Q&A: Not So Jolly England
Our Chicago Dramatists playwrights and teachers discuss their craft and share inspiration and advice on a host of topics. Columns originally appeared in the Chicago Dramatists newsletter and are edited here for general interest.
Catherine Yu probes religious persecution in the time of Shakespeare
CD: Your Saturday Series reading will bring intrigue and poetic language to the stage, and we're excited! Can you tell us about the genesis of "Off with Her Head?" What about the period intrigued you?
Cate: I was reading a biography about Queen Elizabeth I and I was struck by the persecution of Catholics during her reign. I think we romanticize the Elizabethan era because the arts flourished so heavily during that time and because of Shakespeare. But religion was heavily politicized. Everyone was required to attend Protestant services. If you did not, you were fined. Also, there were random searches of the homes of Catholic families. If a priest was discovered, he was hung. I thought about the persecution of different groups today and felt like there were parallels I wanted to explore.
CD: How would you describe OWHH within the body of your work as a writer? Is this an extension? A departure?
Cate: In some ways, it is a departure. In the past, I have written period pieces where the language is faithful to the times. You’ll see that the language in OWHH is more contemporary. I decided to experiment with that based off of contemporary period TV shows. I thought it would make it easier to see the relevance to our current times.
CD: I’m struck by the breadth of your work and career. You write plays, librettos, screenplays, novels and poems. You've been a university lecturer, a tutor for federal inmates and a grant writer. Do all these talents and disciplines co-exist and build on each other, or have they been sequential endeavors?
Cate: I would say curiosity and dedication is key to being a writer or educator. The federal inmates were some of the best students I ever had. They had not been encouraged in academics when they were younger. When I was teaching them, they simply needed the care and support in nurturing their abilities in math and reading. They needed a judgment free zone.
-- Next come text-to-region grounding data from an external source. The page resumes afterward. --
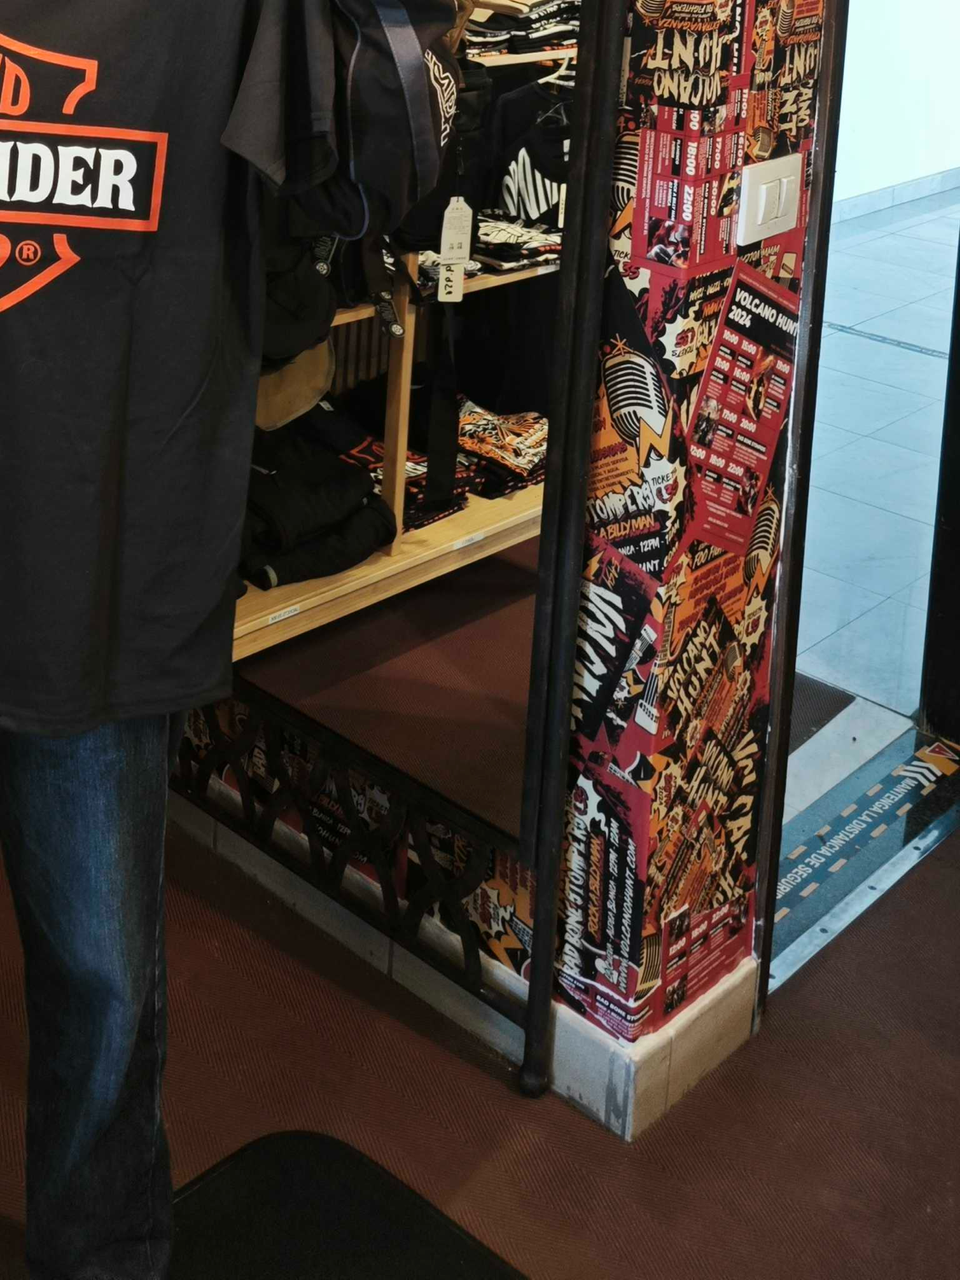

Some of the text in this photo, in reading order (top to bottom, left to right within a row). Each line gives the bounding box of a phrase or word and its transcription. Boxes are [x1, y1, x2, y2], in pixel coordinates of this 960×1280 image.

[653, 70, 722, 106] VOLCANO
[740, 88, 749, 119] 11:00
[686, 141, 698, 176] 18:00
[714, 137, 723, 169] 17:00
[736, 131, 746, 167] 16:00
[682, 184, 694, 221] 22:00
[710, 180, 719, 216] 20:00
[728, 306, 753, 329] 2024
[734, 287, 800, 337] VOLCANO HUNT
[728, 463, 745, 476] 22:00
[607, 514, 656, 540] BILLY MAN
[640, 537, 661, 554] 12PM
[873, 778, 919, 816] MANTENGA
[817, 820, 864, 860] DISTANCIA
[606, 817, 620, 939] ALDEA BLANCA 12PM 12AM
[565, 903, 585, 950] BONE
[618, 838, 638, 994] WWW.VOLCANOHUNT.COM
[596, 995, 626, 1016] BAD BONE
CD: We are all about judgment free zones! Is that part of what you found when you were a MacDowell Fellow in 2017? You worked in the Star Studio, built in 1911-12, where other artists like Joan Acocella, Gish Jen, Galway Kinnell and Basil Twist have also worked. Did the building’s legacy imbue your work somehow or lend you a sense of freedom?
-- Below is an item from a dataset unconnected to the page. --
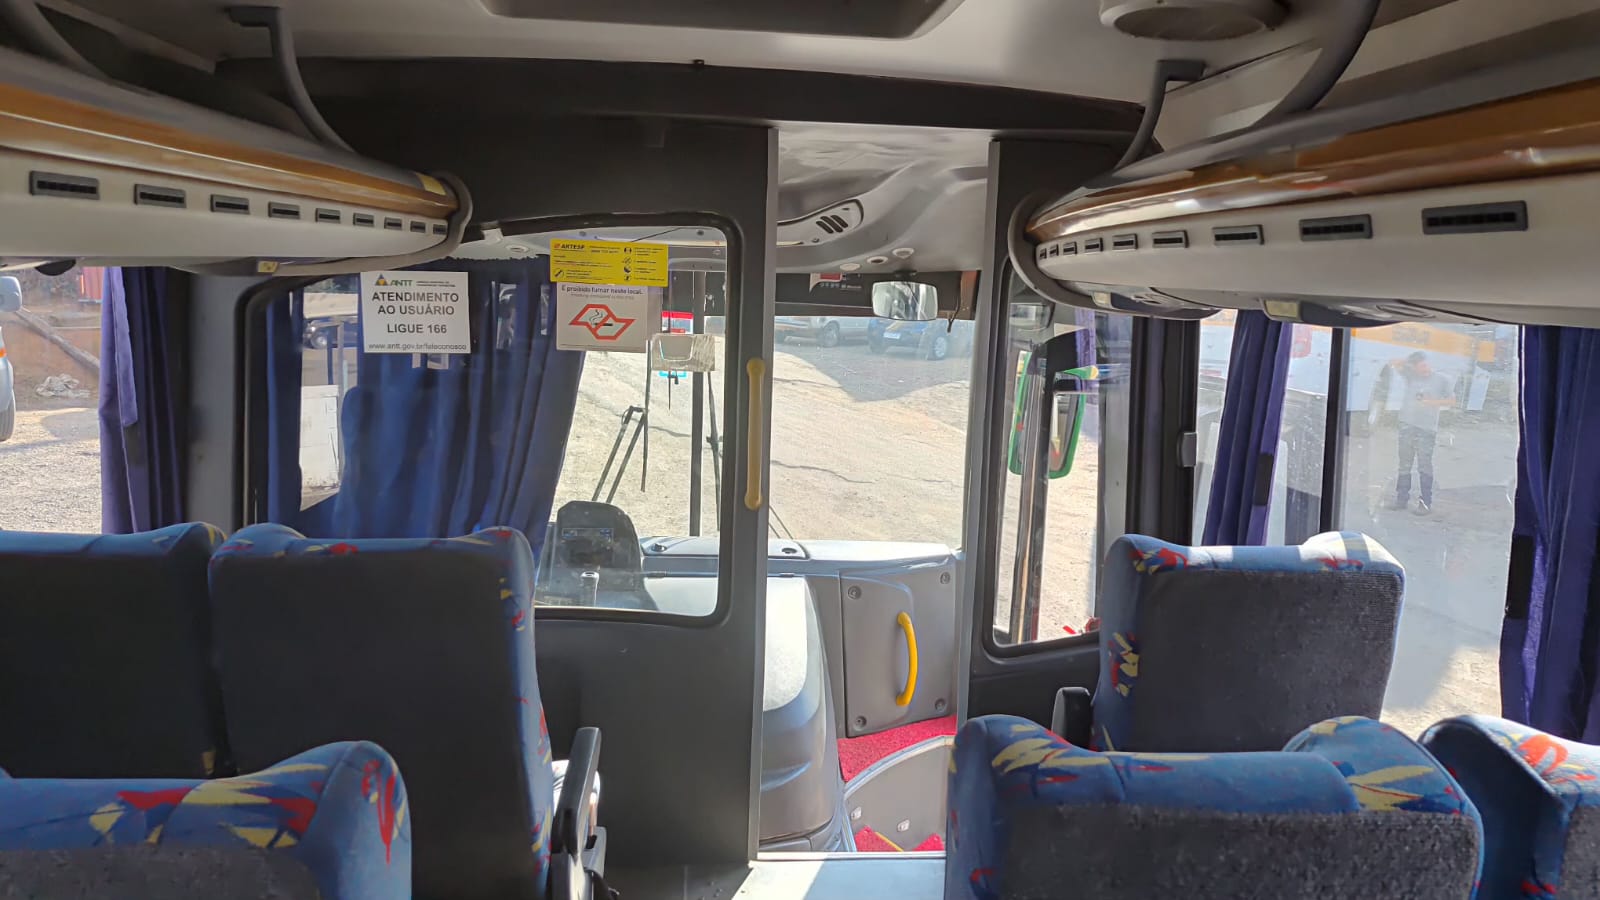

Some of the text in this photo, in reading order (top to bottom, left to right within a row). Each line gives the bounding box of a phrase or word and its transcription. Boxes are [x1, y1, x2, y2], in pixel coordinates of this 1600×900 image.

[390, 279, 413, 287] ANTT
[372, 291, 459, 303] ATENDIMENTO
[378, 303, 455, 316] AO USUÁRIO
[387, 323, 447, 334] LIGUE 166
Cate: I did feel a historic sense while at Star Studio. Young Jean Lee had been there about a year or two before me. We sign our names on plaques in the room and I saw hers. I feel a historic sense when I walk into the Russ Tutterow theater too. I did not get to meet him, he was before my time, but having heard everyone at CD speak about him—he sounds like an incredible soul.
CD: As you work across mediums, do you have an established daily writing practice? Or does your work happen in bursts or stolen minutes as you find them?
Cate: While I think there’s a way to work on plays for long periods in the day at a time, novel writing needs to be broken into a daily habit, where each day is a step in a direction. There’s only so much prose you can generate in a day. So, when I’m working on a novel, I write every day at 6 AM. When I’m working on a first draft of a play, I write five pages a day for a month or two. When I work on rewrites, I work in bursts in intervals I’ve blocked out for rewriting.
CD: Your opening lines in "Off with Her Head," “O/I come from Rheims/And before that,/Rome,...” launch us into a journey and land us in England “the snake pit for Catholics like me,” so we know we are already in deep trouble! What are you excited for audiences to experience and what do you hope they take away from the play?
Cate: I’m excited to see what people make of the Elizabethan England underbelly I navigate in the play, and whether they come away with new thoughts on political and religious persecution or find a character they really connect to.